2011...        ,12'Lx26'Lx16'H,   sculpture, acier, bois naturels, bicyiclettes

L'HOMME QUI PLANTAIT DES VÉLOS...
Vagabondage ludique hors des sentiers battus. Voilà le ton du projet de Marc DULUDE qui installera plus d'une vingtaine de vélos usagés sur le site de Sentier Art 3à l'été 2011. La nature décidera du devenir des objets entremêlés à de jeunes pousses d'arbres, aussi plantées par l'artiste, et déterminera l'évolution de la rencontre des matières. Le temps fera son ouvrage. À la ville ou à la campagne, dans le cours normal des choses, un vélo fait son temps : il est remplacé par un autre plus performant; il est souvent oublié ou abandonné, parfois volé, alors que dans ce projet d'exposition, il se voit accorder une seconde chance, sinon la permanence, tout au moins la possibilité d'une lente métamorphose qui n'est toutefois pas à la veille de faire oublier qu'à un moment donné, quelqu'un, l'artiste, a opéré des greffes incongrues en forçant la végétation à croître à travers les cavités des vélos, à se coller au métal, à l'abîmer, probablement le tordre et le percer, pour en arriver à complètement défigurer les tuteurs qui lui avaient pourtant dicté son orientation de départ. Violent combat qui, on le sait bien, se soldera un jour par l'envahissement de la nature. Mais, d'ici là,  restera dans un temps long la trace de l'intervention in situ à laquelle les visiteurs pourront d'ailleurs participer du 8 au 19 août.

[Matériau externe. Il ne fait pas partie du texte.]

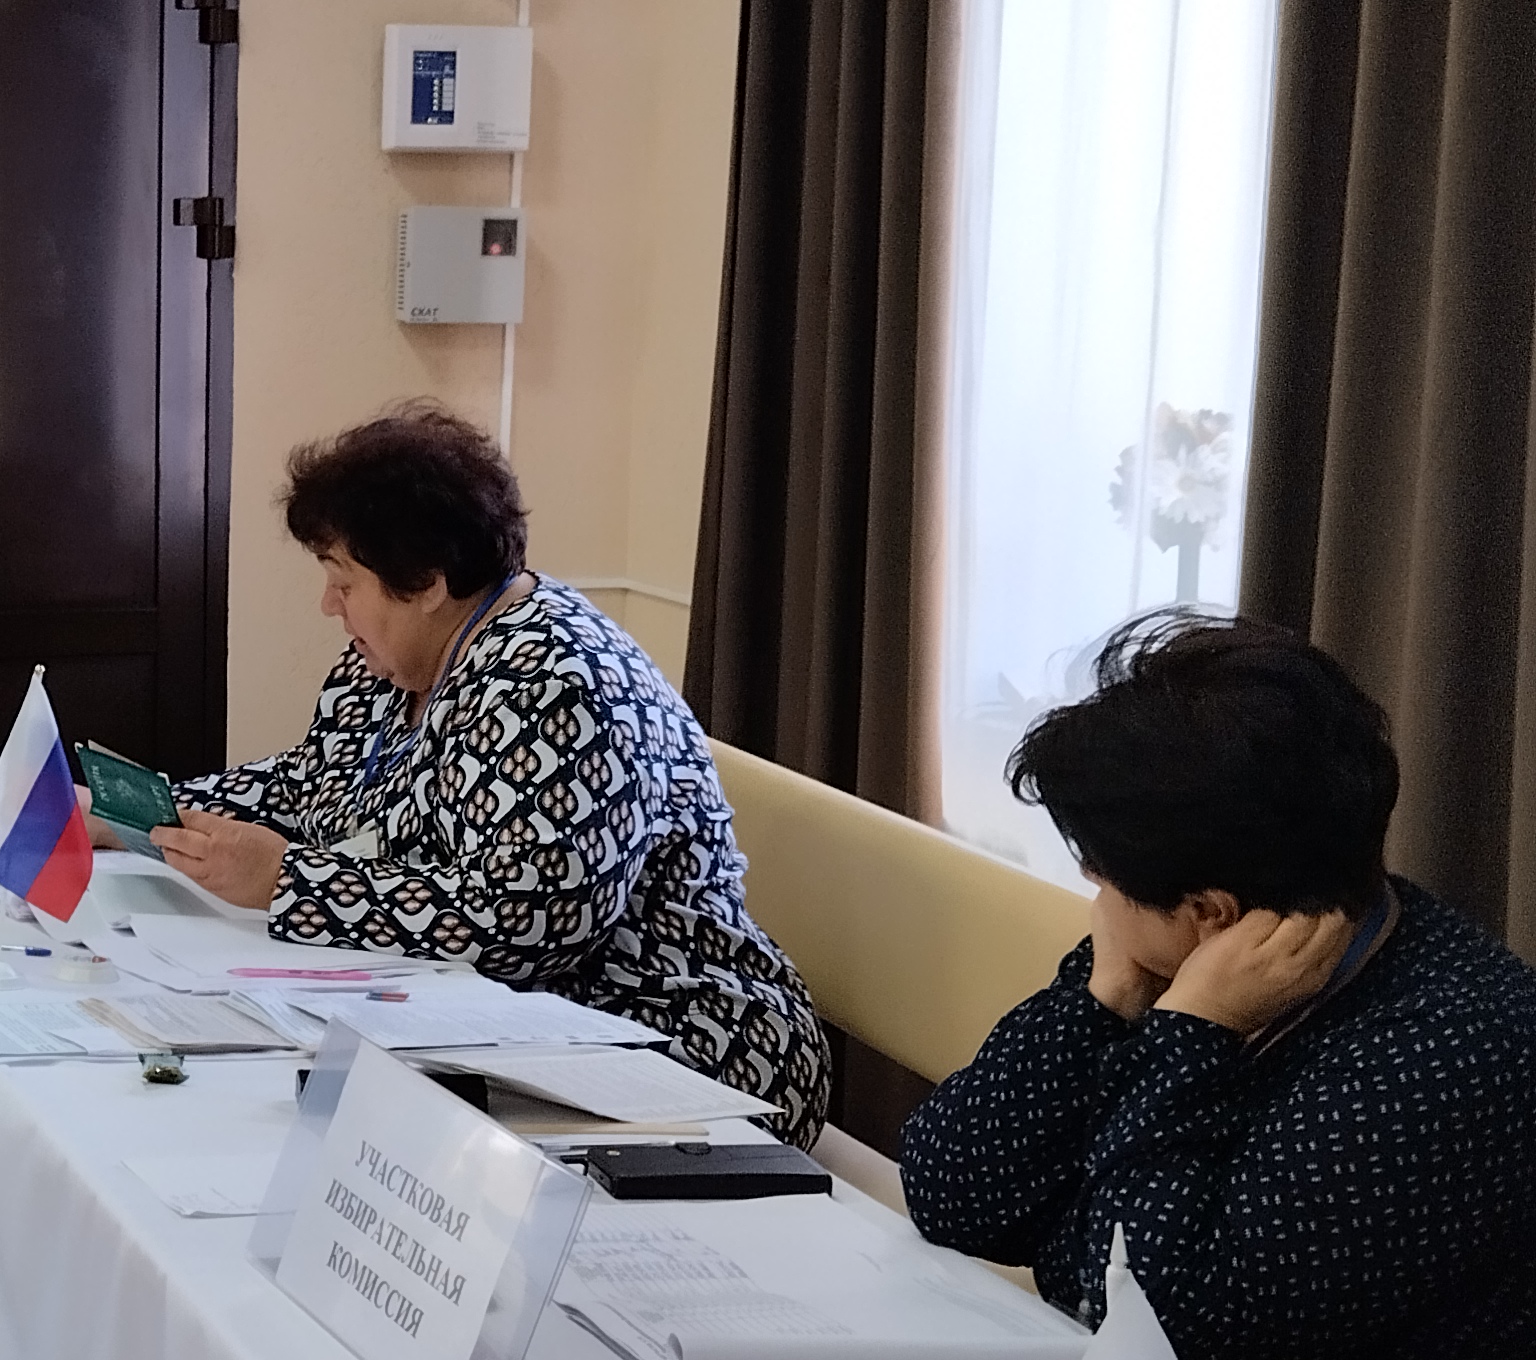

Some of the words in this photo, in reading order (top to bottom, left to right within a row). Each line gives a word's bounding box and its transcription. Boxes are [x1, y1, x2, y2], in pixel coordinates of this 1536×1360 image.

[324, 1178, 466, 1306] ИЗБИРАТЕЛЬНАЯ
[354, 1140, 470, 1242] УЧАСТКОВАЯ
[326, 1240, 424, 1339] КОМИССИЯ

Marc Dulude n'en est pas à ses premiers virages et amarrages dans des sites telluriques et marins où les objets entrent en fusion avec leur environnement. Même avant l'obtention d'un diplôme de maîtrise en arts visuels à l'Université du Québec à Chicoutimi (2003), ses expositions individuelles et ses participations à divers projets collectifs articulés autour des thèmes de l'errance et du détournement des lieux communs s'étaient mérité des commentaires fort favorables de la part des critiques d'art. Depuis, stagiaire, entre autres, en Alsace et en Écosse, et récipiendaire de plusieurs bourses prestigieuses, dont la Bourse de résidence Scottish Art Council, la Bourse du Conseil des arts du Canada, recherche et création et à trois reprises la Bourse du Conseil des arts et des lettres du Québec,il poursuit ses recherches au Québec, en Ontario, en Alberta et à New York, toujours avec une pointe d'humour. Et c'est d'un bon œil qu'il faut voir le caractère festif de ses oeuvres qui n'en sont pas moins appuyées sur une réflexion sérieuse.

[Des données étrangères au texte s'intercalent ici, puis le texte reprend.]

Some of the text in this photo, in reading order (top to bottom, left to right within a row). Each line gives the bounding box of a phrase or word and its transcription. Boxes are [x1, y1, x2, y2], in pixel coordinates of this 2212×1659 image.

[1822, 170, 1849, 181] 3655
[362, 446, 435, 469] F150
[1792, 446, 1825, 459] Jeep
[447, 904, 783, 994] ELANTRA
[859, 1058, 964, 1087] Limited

Avec le projet 2011, titre de l'installation et date de départ de sa " conversion ", Dulude rejoint un schème de pensée partagé par bon nombre d'artistes en art actuel : s'adonner au plaisir des égarements ; procéder à des entrelacements qui font fi des différences de tous ordres ; confondre les espèces ; privilégier la démesure. Dans ce cas-ci, le dépaysement des objets et leur jointure alogique au lieu d'implantation champêtre ne sont cependant que des étapes préparatoires et anticipatives, voire visionnaires, de ce qui adviendra, car l'oeuvre laissée à elle-même se reformera et se régénérera différemment d'année en année. À suivre... à pied ou à vélo, ponctuellement, souvent et pour longtemps.